In this case the solicitors acting for the landlord posted the landlord's signed counter-notice to the solicitors acting on behalf of the tenants. It was sent on the last day before the final date for service. On the same day the landlord’s solicitors also e-mailed a copy of the notice to the tenants' solicitors. So, what is the position where the landlord's signed counter-notice is sent in PDF format in an attachment to an email. Is this a valid notice for the purposes of the 1993 Act and has it been correctly served. Counsel for the landlord contended that the 1993 Act simply requires notices to be in writing. Therefore there is nothing which expressly prevents service of the notice in a PDF format by email bearing in mind that Schedule 1 of the Interpretation Act 1978 defines writing as including: typing, printing, lithography, photography and other modes of representing or reproducing words in a visible form ...".

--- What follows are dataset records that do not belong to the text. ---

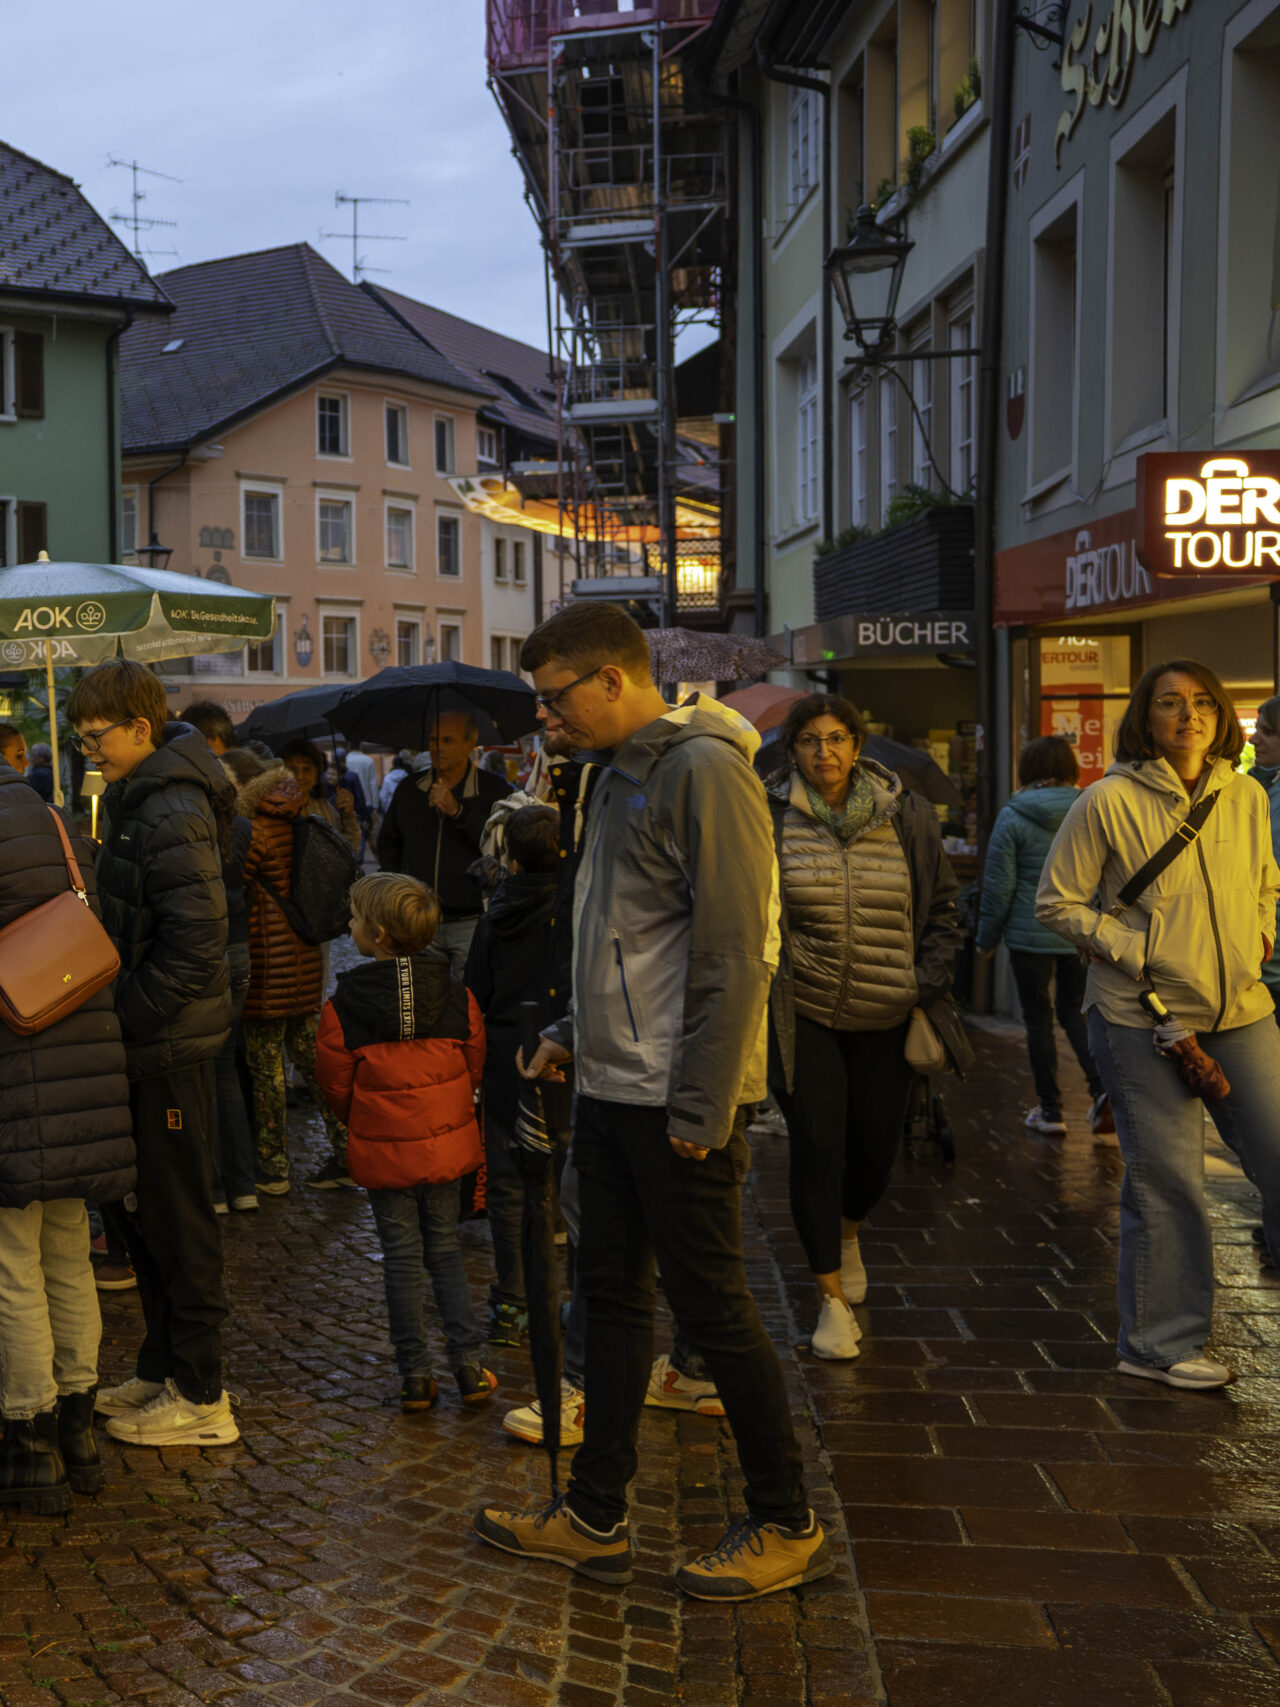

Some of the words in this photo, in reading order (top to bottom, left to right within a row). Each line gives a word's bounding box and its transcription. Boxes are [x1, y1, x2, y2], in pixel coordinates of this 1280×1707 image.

[1165, 472, 1280, 525] DER
[1164, 530, 1280, 569] TOUR
[13, 606, 73, 632] AOK
[858, 617, 969, 645] BÜCHER
[1041, 651, 1099, 664] ERTOUR

The 1993 Act states that notices "may" be served by post. The "may" therefore is permissive and not mandatory. So, it is perfectly possible that service of the notice may be made by other methods, but however the notice is served it must be in writing.

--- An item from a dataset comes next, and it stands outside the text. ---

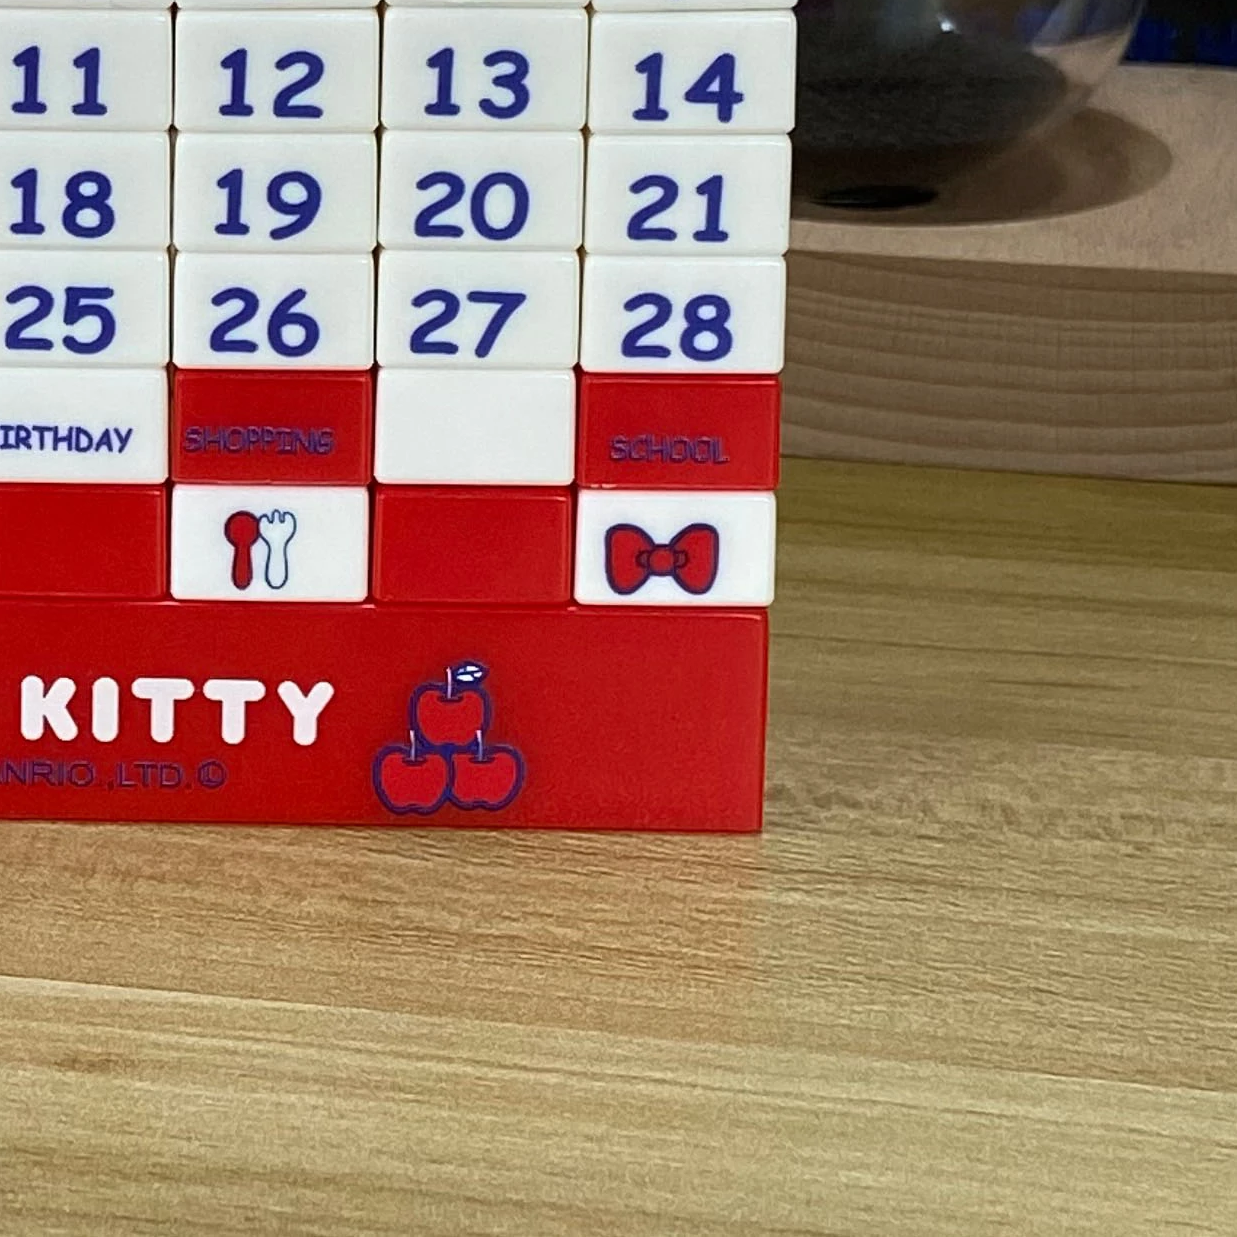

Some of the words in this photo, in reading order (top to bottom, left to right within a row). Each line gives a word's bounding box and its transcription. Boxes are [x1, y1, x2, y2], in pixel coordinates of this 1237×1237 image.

The judge decided that the wording of the 1993 Act required the notice to be in writing meaning that the notice has to be a hard copy document with a "wet ink" signature. The judge stated that, in his view, it is not possible in the ordinary sense of the word to sign an electronic document with an original signature. Strict compliance with the 1993 Act was required and a PDF copy of the notice sent by email did not amount to "in writing" for the purposes of the 1993 Act. At best it was simply a copy of the original notice. As well, as sending an email the landlord's solicitors had also tried to send the counter-notice by fax, but could not do so because the tenants' solicitors' fax machine was broken. In any event, the judge also held that a faxed notice was not "in writing" and would also have been nothing more than a copy of the original notice which had been put in the post.
Moreover, the tenants' solicitors had expressly stated in correspondence that they would not accept service by e-mail: so the court found that sending the notice by e-mail was not good service. Unfortunately, the posted counter-notice only arrived after the deadline for service had passed. Although, the earlier case of Callendine-Smith -v- Saveorder Ltd [2012] decided that whilst section 7 of the Interpretation Act 1978 states the a notice that was posted, correctly addressed and prepaid is deemed to have been served, this is not so where the ‘contrary’ is proved. In this case, the contrary had been proved so there was no deemed service.
Therefore an order vesting the freehold in favour of the tenants was made for the premium they proposed.